─── Excerpted data ───

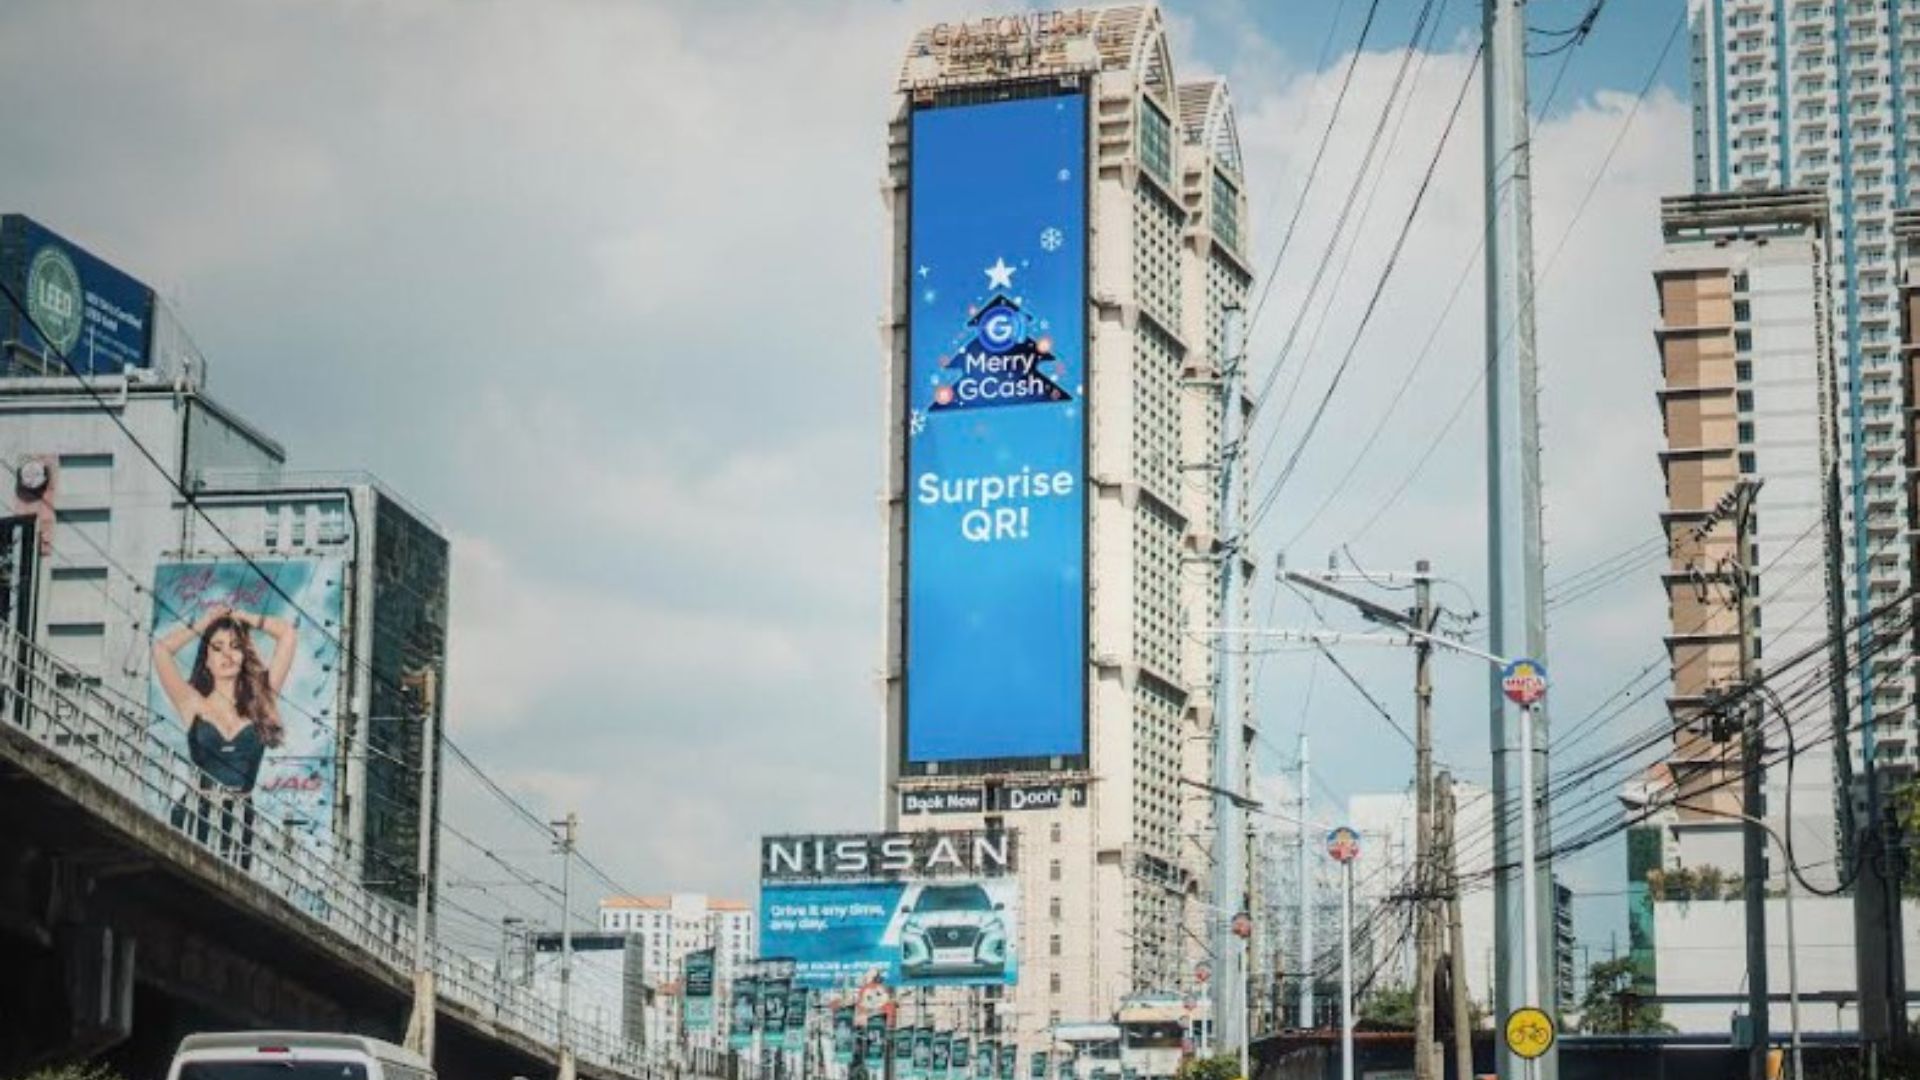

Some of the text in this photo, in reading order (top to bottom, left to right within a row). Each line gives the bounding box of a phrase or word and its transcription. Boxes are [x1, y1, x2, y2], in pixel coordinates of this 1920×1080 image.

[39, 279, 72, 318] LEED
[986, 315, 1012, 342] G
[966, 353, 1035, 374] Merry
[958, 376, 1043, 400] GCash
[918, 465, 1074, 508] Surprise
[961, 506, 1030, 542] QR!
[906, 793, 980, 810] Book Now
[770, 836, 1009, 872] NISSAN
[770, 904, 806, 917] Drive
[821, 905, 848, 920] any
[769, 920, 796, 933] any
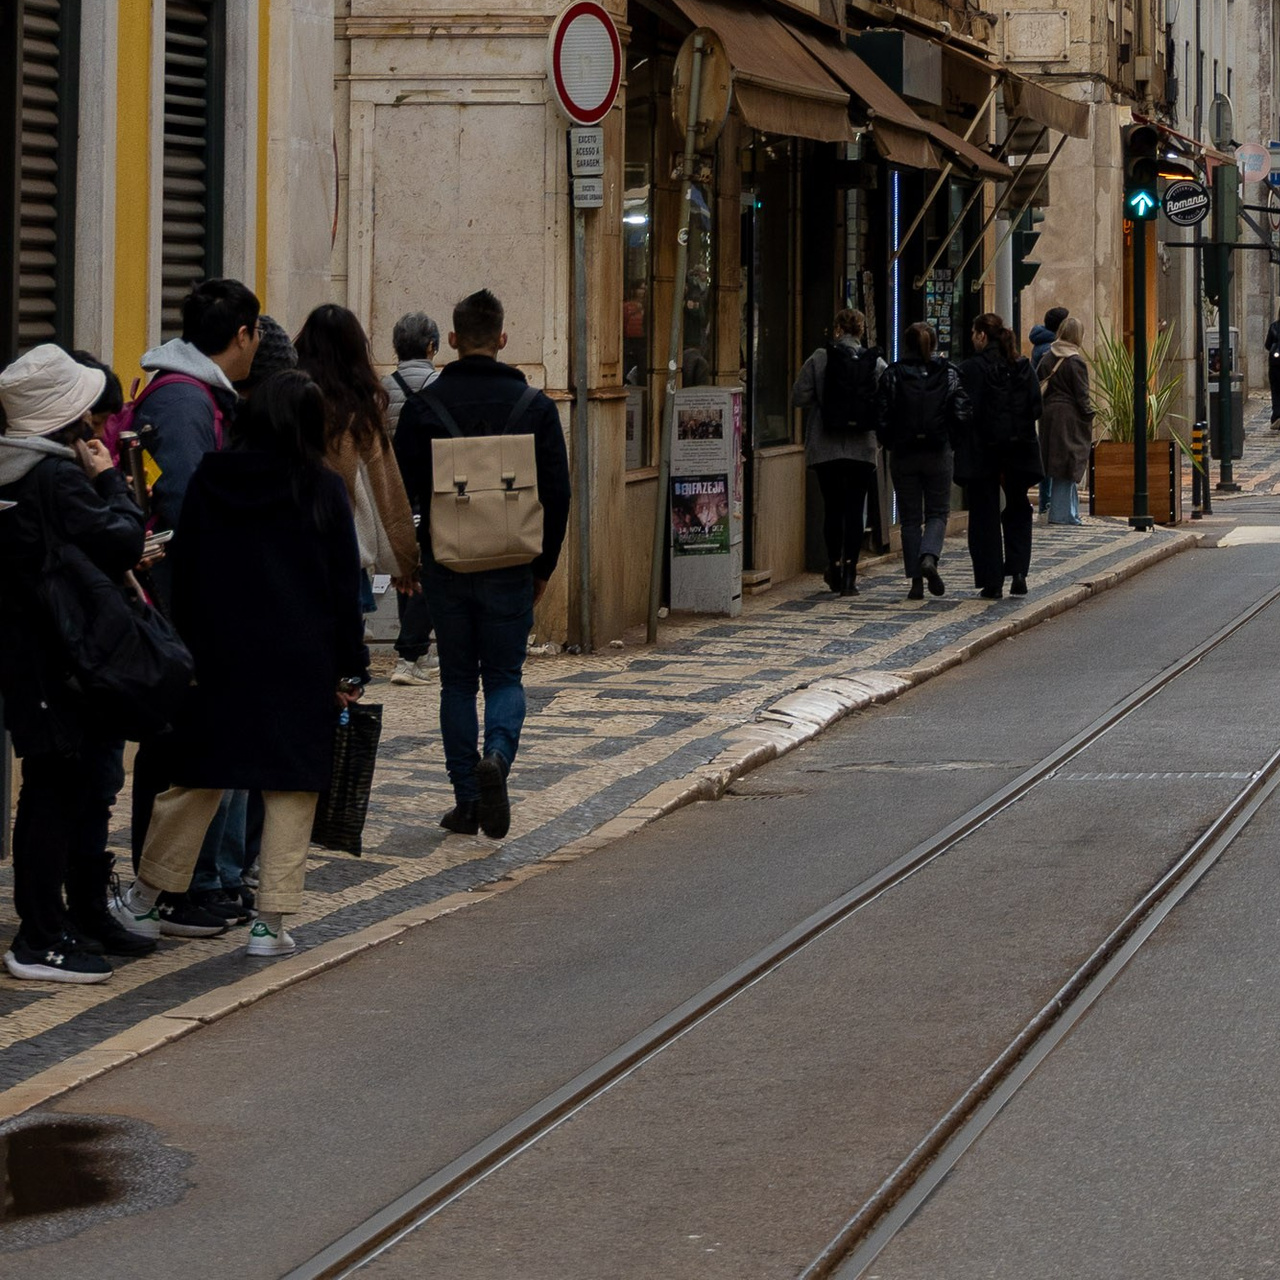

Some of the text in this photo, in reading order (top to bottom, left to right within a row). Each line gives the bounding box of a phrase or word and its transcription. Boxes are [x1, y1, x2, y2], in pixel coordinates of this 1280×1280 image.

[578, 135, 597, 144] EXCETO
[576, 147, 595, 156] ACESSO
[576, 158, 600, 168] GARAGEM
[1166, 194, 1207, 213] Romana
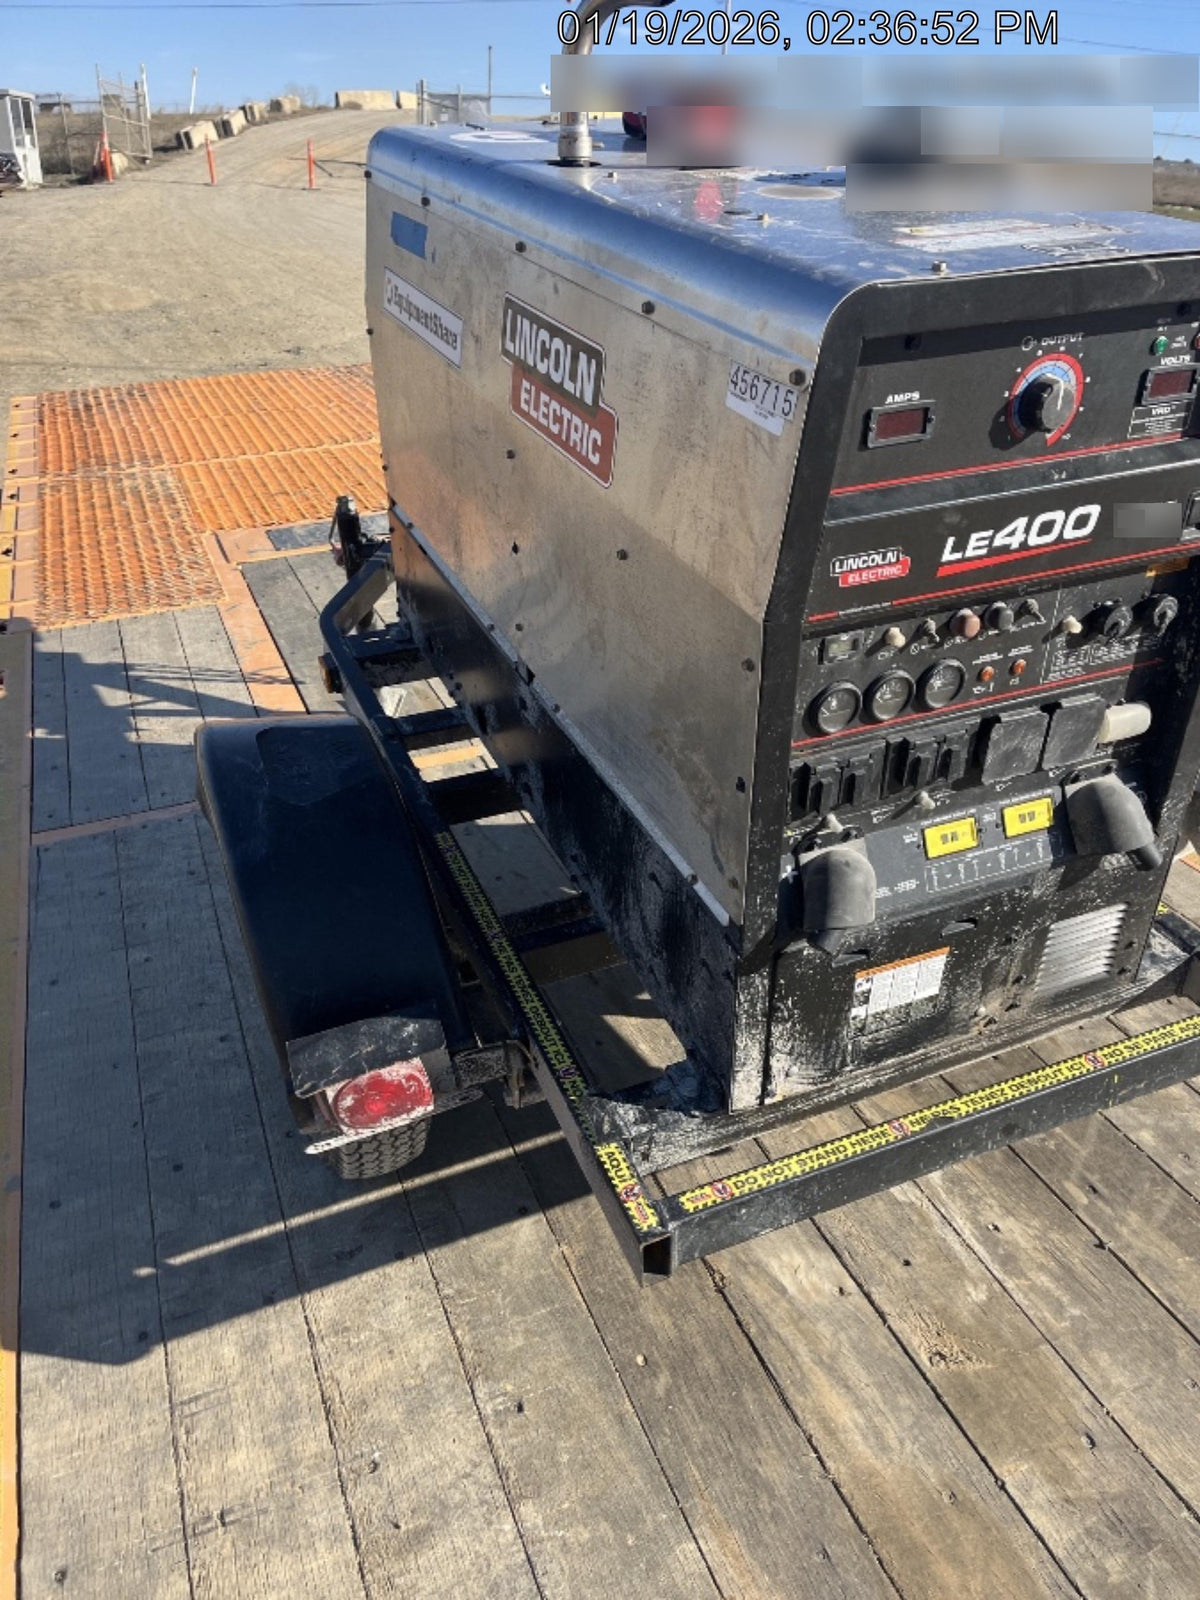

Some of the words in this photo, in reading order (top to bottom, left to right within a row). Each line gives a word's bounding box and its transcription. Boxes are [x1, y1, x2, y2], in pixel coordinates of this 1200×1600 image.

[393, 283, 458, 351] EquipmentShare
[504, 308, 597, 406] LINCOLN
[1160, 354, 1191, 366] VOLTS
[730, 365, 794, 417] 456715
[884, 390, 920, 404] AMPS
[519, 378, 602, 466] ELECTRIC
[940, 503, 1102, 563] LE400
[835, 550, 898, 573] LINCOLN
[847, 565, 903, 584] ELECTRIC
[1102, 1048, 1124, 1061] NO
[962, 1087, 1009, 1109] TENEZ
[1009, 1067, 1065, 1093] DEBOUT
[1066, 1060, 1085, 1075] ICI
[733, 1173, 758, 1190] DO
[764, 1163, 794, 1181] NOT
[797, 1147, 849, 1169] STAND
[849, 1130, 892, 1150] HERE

───

**What you will do**
Transcribe each entry above without alteration, but keep the pictures out.

**Response**
Some of the text in this photo, in reading order (top to bottom, left to right within a row). Each line gives the bounding box of a phrase or word and its transcription. Boxes are [x1, y1, x2, y2], in pixel coordinates of this 1920×1080 image.

[39, 279, 72, 318] LEED
[986, 315, 1012, 342] G
[966, 353, 1035, 374] Merry
[958, 376, 1043, 400] GCash
[918, 465, 1074, 508] Surprise
[961, 506, 1030, 542] QR!
[906, 793, 980, 810] Book Now
[770, 836, 1009, 872] NISSAN
[770, 904, 806, 917] Drive
[821, 905, 848, 920] any
[769, 920, 796, 933] any

Some of the text in this photo, in reading order (top to bottom, left to right within a row). Each line gives the bounding box of a phrase or word and its transcription. Boxes are [x1, y1, x2, y2], in pixel coordinates of this 1280×1280 image.

[578, 135, 597, 144] EXCETO
[576, 147, 595, 156] ACESSO
[576, 158, 600, 168] GARAGEM
[1166, 194, 1207, 213] Romana

Some of the words in this photo, in reading order (top to bottom, left to right within a row). Each line gives a word's bounding box and its transcription. Boxes are [x1, y1, x2, y2], in pixel coordinates of this 1200×1600 image.

[393, 283, 458, 351] EquipmentShare
[504, 308, 597, 406] LINCOLN
[1160, 354, 1191, 366] VOLTS
[730, 365, 794, 417] 456715
[884, 390, 920, 404] AMPS
[519, 378, 602, 466] ELECTRIC
[940, 503, 1102, 563] LE400
[835, 550, 898, 573] LINCOLN
[847, 565, 903, 584] ELECTRIC
[1102, 1048, 1124, 1061] NO
[962, 1087, 1009, 1109] TENEZ
[1009, 1067, 1065, 1093] DEBOUT
[1066, 1060, 1085, 1075] ICI
[733, 1173, 758, 1190] DO
[764, 1163, 794, 1181] NOT
[797, 1147, 849, 1169] STAND
[849, 1130, 892, 1150] HERE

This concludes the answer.